Zola risked his career in February of 1898, when he defended army Capt. Alfred Dreyfus, a Jewish officer who was wrongfully convicted and imprisoned for treason. Zola accused the French government of anti-Semitism in an open letter to François Félix Faure, the President of France. Zola’s “J’Accuse” was published on the front page of the Paris daily “L’Aurore”. Zola declared that Dreyfus’ conviction was based on false accusations and forged “evidence” of espionage, which the court that convicted him knew was false, and was a misrepresentation of justice. Zola was brought to trial for libel for publishing “L’Accuse” and was convicted two weeks later, sentenced to jail, and removed from the Legion of Honour. Zola managed to escape to England. He returned during the collapse of the government and continued defending Dreyfus, who was imprisoned on the hellish penal colony in South America called Devil’s Island. France became deeply divided by the case, known as the Dreyfus affair. Zola stood together with the more liberal commercial society opposite the reactionary army and Catholic church. Zola’s open letter formed a major turning point in the Dreyfus affair. The case was reopened and Dreyfus was acquitted, then convicted again, but ultimately freed and completely exonerated by the French Supreme Court.

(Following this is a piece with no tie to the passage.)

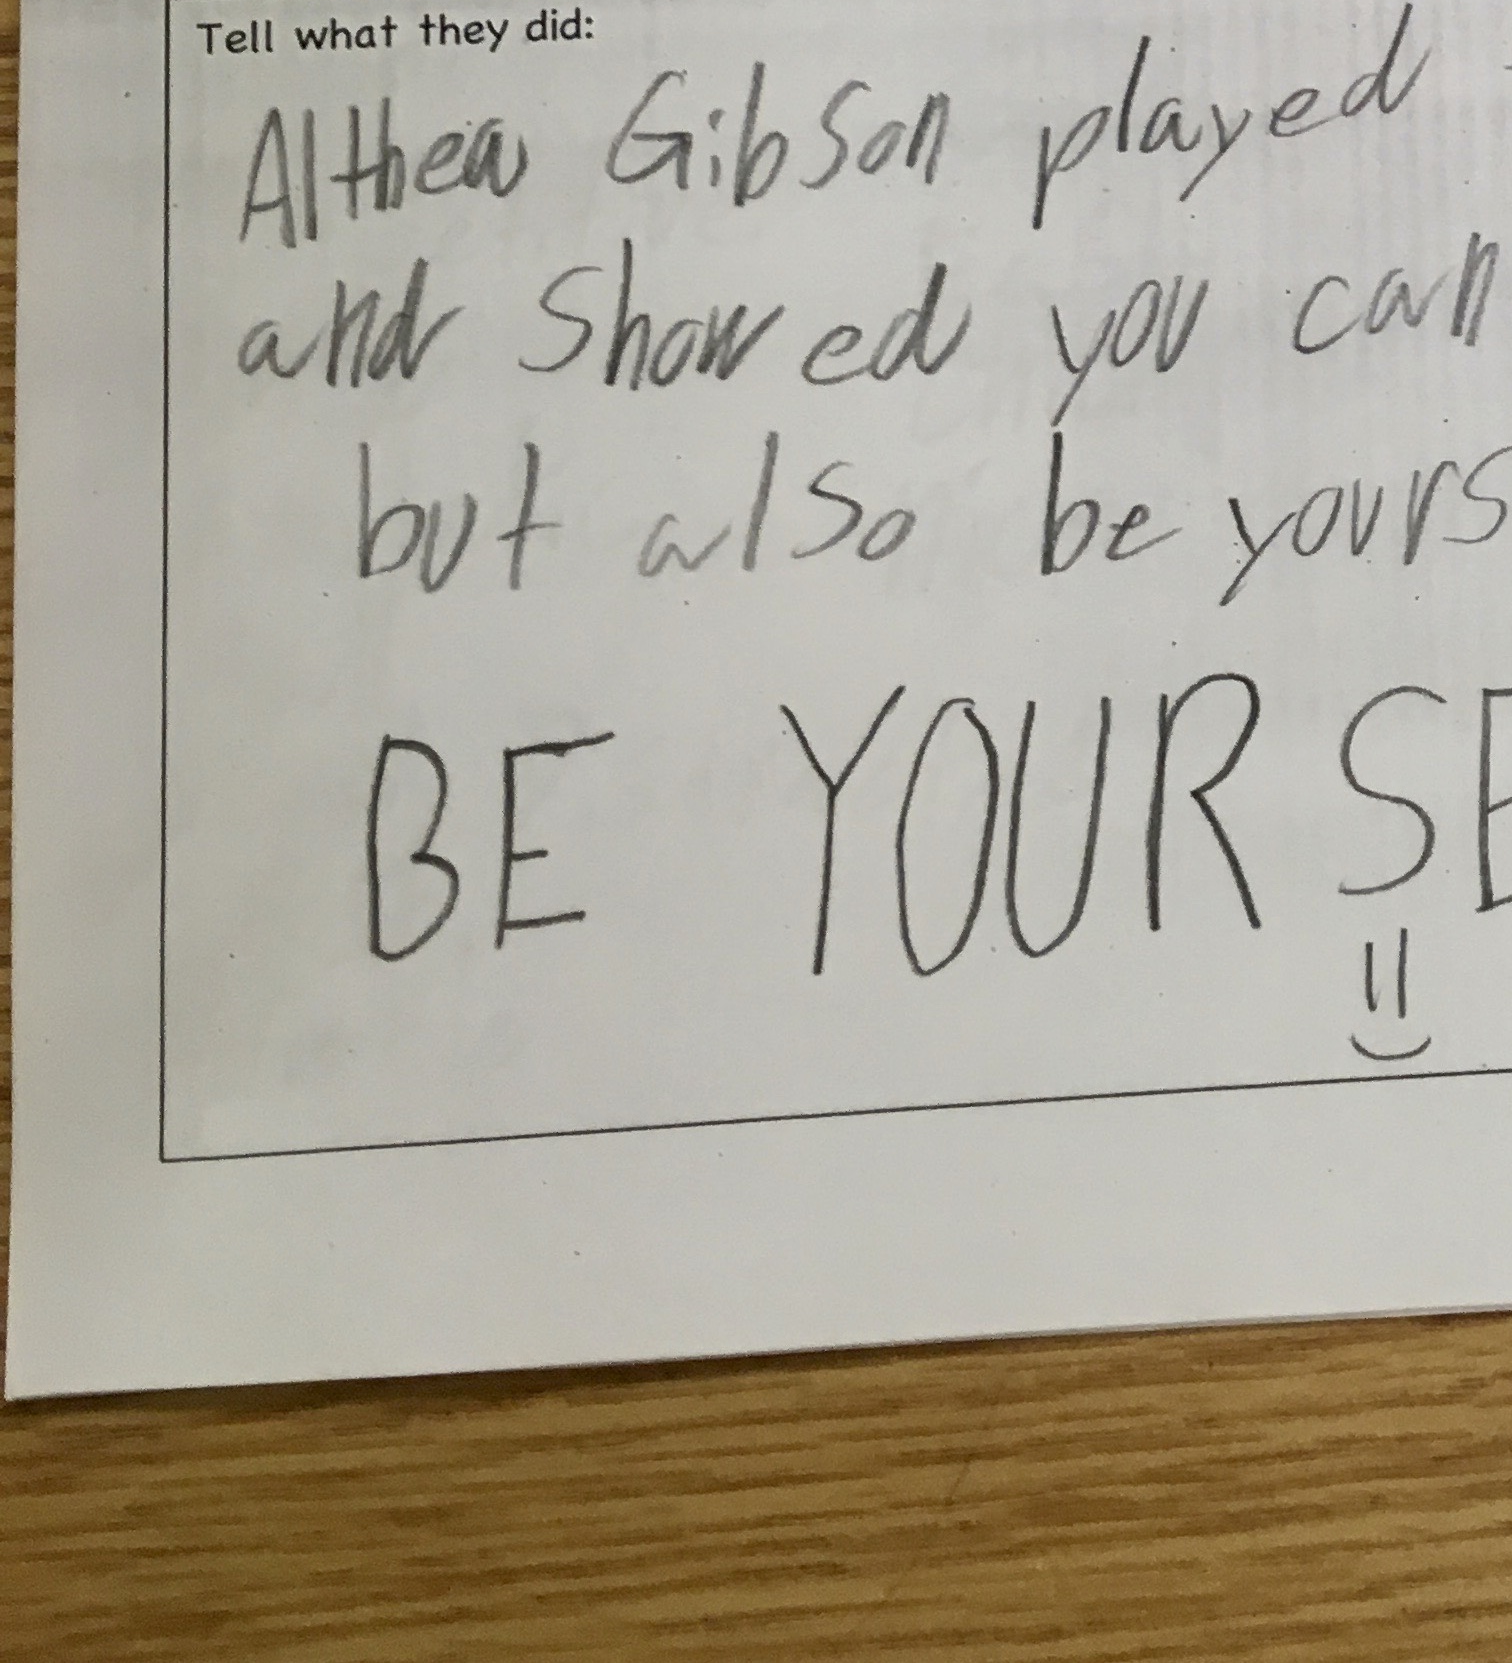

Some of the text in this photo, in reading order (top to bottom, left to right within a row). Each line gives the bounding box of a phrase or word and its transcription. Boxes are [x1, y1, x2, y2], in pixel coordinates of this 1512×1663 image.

Zola’s strange and tragic death from carbon monoxide poisoning was caused by a stopped chimney and remained an unresolved mystery. His enemies were blamed, but nothing was proved. He died on September 29, 1902, in Paris, and was initially laid to rest in the Cimetiere de Montmartre in Paris. On June 4, 1908, Zola’s remains were laid to rest in the Pantheon in Paris, France.